Publishing: Freedom Communications says it may use an IPO or other means to provide family owners with liquidity.


The chief executive of Freedom Communications Inc., the Irvine-based media company that owns the Orange County Register, dismissed speculation Wednesday that the company may be sold under pressure from members of the Hoiles family that owns it.

But CEO Samuel C. Wolgemuth did confirm that the company was seeking ways to provide liquidity to the 81 family members whose wealth is tied up in Freedom stock, calling it a "critical issue" for any family-owned business.

Wolgemuth declined to specify what options were being looked at, but analysts said the possibilities could include bringing in outside investors, a public stock offering, a special dividend or an employee stock purchase program. Wolgemuth said various proposals would be discussed next month at an informal gathering of the 50 or so adult shareholders in the family.

Wolgemuth's comments followed a Wall Street Journal report that Tim Hoiles, part of a dissident wing long at odds with the rest of the family, is pressing to sell the company. Hoiles' father, the late Harry Hoiles, had waged a bitter, unsuccessful court battle throughout the 1980s with other family members to break up the company.

Tim Hoiles, a Freedom director and head of the company's audit committee, in an interview said he and other family members were frustrated with the company's performance and with "seeing the asset dwindle." He said he had strong support from other family members, an assertion Wolgemuth and other family members disputed.

"I'm not aware of anyone in the family other than Tim who has expressed an interest in selling the company outright," Wolgemuth said.

That view was echoed by Robin Hardie, who heads a committee of fourth-generation family members studying options and interviewing other family members about what they want to do.

"We're a big family. Some of them want to sell out, some want to diversify their holdings, but many more want the company to remain private," she said.

Freedom, which owns 28 newspapers and eight television stations, does not disclose its finances because it is private. But according to sources familiar with the results, Freedom last year had revenue of $760 million, lost about $90 million amid the nationwide advertising downturn and had cash flow of about $120 million.
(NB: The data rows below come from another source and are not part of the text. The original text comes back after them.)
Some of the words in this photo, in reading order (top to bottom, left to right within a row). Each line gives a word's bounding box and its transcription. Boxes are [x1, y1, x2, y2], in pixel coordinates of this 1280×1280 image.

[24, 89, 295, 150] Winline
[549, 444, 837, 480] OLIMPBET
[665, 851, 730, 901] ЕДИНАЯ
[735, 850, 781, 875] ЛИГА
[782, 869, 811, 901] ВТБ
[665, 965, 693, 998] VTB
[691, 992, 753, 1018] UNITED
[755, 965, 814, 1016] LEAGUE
Analysts place the company's value at $1.5 billion to $2 billion.

Tim Hoiles confirmed that he had hired London investment banker Christopher Shaw, who has been in the middle of other newspaper family scraps in the past. Hoiles added that if other family members don't want to sell the entire company, they can buy him out.

"For a fair and competitive price, they can get me out of there," he said. He owns about 9% of the company.

Newspaper analyst John Morton said he was skeptical of an outright sale. He said he believed that most family members wanted to keep Freedom, which long has sought to uphold the libertarian philosophy of founder R.C. Hoiles.

"I would be amazed if the majority of the family wants to sell," Morton said.

Nonetheless, Morton said, Freedom and other family-owned media companies are under intense pressure to provide liquidity to younger generations eager to cash out or diversify their holdings.

He noted that pressures from the founding Chandler family led to the $6.8-billion sale in 2000 of Times Mirror, parent of The Times, to Chicago-based Tribune Co.

At the Register's Santa Ana offices, discussion of the news took up most of a meeting between editors and reporters that is usually held to discuss the day's stories.

Employees received an e-mail during the day from CEO Wolgemuth, promising them that Freedom's shareholders "will work through this process in a fair and dignified manner and final decisions will be determined based on what is best for Freedom as we move forward."


Times staff writer James S. Granelli contributed to this report.